On Wed, Jun 27, 2007 at 11:51:25AM +1000, Stewart Fist wrote:
> Craig writes:
> > it's not only the hardware - software that behaves well under light
> > to moderate loads can do really strange things when put under a
> > heavy load - and in voting situations, you often get insanely heavy
> > loads in a short period of time
>
> I don't understand how software, which is only being called upon to
> record a simple YES/NO vote every ten seconds or so (the time it takes
> the voter to read the question and make a choice) can possibly be
> suffering a heavy load with any modern computer or networked computing
> system.
>
> I would have thought any processor later than the old 4004 would be
> capable of handling such throughput.
>
>
> This is a question, not a criticism.
>
> What create the load?

1. (minor) it's not yes/no. in australia, the system would have to
record the voter's ranking of each candidate and, for the senate, either
a simple above-the-line party vote or a below-the-line ranking of 100 or
more candidates.

2. (major) that's PER voter. one voter is no problem.  10 simultaneous
voters is also no problem. try scaling it up to thousands or tens of
thousands of simultaneous voters and you get serious problems.

systems like this don't scale linearly.

the more simultaneous users, the longer it takes for each transaction to
complete which means that there is a larger backlog - which means that
there are more simultaneous users (because each one is staying online
for a lot longer). not good.

3. it's not one vote every 10 seconds or so. it's many hundreds of votes
every second (with centralised recording, that is), with significant
back-and-forth "conversation" (protocol negotiation, data transfer,
encryption, authentication, etc) for each vote.

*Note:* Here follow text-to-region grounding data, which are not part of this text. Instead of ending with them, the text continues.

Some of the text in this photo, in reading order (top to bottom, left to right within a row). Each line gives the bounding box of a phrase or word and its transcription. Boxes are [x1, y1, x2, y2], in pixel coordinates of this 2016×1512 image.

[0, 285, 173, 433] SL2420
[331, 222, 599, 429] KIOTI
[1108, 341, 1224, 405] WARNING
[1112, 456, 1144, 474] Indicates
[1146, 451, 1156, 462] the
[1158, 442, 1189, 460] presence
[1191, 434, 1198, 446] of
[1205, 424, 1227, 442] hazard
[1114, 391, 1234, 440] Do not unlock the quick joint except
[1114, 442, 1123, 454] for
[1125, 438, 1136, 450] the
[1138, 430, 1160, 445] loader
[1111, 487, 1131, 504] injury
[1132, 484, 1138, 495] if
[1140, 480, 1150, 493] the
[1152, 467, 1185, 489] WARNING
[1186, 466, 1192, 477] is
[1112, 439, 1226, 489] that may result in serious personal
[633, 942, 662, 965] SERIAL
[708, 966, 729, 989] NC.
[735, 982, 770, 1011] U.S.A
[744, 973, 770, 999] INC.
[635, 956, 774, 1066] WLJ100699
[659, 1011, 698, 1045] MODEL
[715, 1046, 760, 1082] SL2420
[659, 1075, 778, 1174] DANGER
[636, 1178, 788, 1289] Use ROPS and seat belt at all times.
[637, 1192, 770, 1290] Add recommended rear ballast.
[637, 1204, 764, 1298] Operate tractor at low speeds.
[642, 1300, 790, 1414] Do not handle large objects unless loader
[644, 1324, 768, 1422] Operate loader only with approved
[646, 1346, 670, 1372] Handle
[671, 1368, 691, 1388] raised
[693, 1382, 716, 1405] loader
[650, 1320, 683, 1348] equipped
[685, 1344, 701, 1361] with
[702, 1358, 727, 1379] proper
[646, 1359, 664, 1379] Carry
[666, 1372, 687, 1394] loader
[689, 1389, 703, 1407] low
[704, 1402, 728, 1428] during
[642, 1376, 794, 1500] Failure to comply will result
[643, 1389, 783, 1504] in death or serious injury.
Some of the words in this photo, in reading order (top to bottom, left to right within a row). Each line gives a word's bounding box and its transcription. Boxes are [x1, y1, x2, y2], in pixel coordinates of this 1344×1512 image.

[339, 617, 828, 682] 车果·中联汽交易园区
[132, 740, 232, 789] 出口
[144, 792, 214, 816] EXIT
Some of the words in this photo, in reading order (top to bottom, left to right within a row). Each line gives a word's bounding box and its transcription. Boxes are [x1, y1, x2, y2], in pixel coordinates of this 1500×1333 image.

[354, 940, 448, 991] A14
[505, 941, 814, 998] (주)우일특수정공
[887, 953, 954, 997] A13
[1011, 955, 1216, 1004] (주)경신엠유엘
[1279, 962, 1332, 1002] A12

> Does the above only apply to the aggregation end of a county-wide
> network, or are we talking about individual machines overloading at
> the point where the selection is being made?

there are many different ways of doing it. each with their own
particular advantages and disadvantages.

with centralised recording, you don't have to trust each individual
"voter console" because the majority of the application runs on the
central servers, requiring only a relatively dumb terminal at the
polling booth. the downside is that it means centralising the load.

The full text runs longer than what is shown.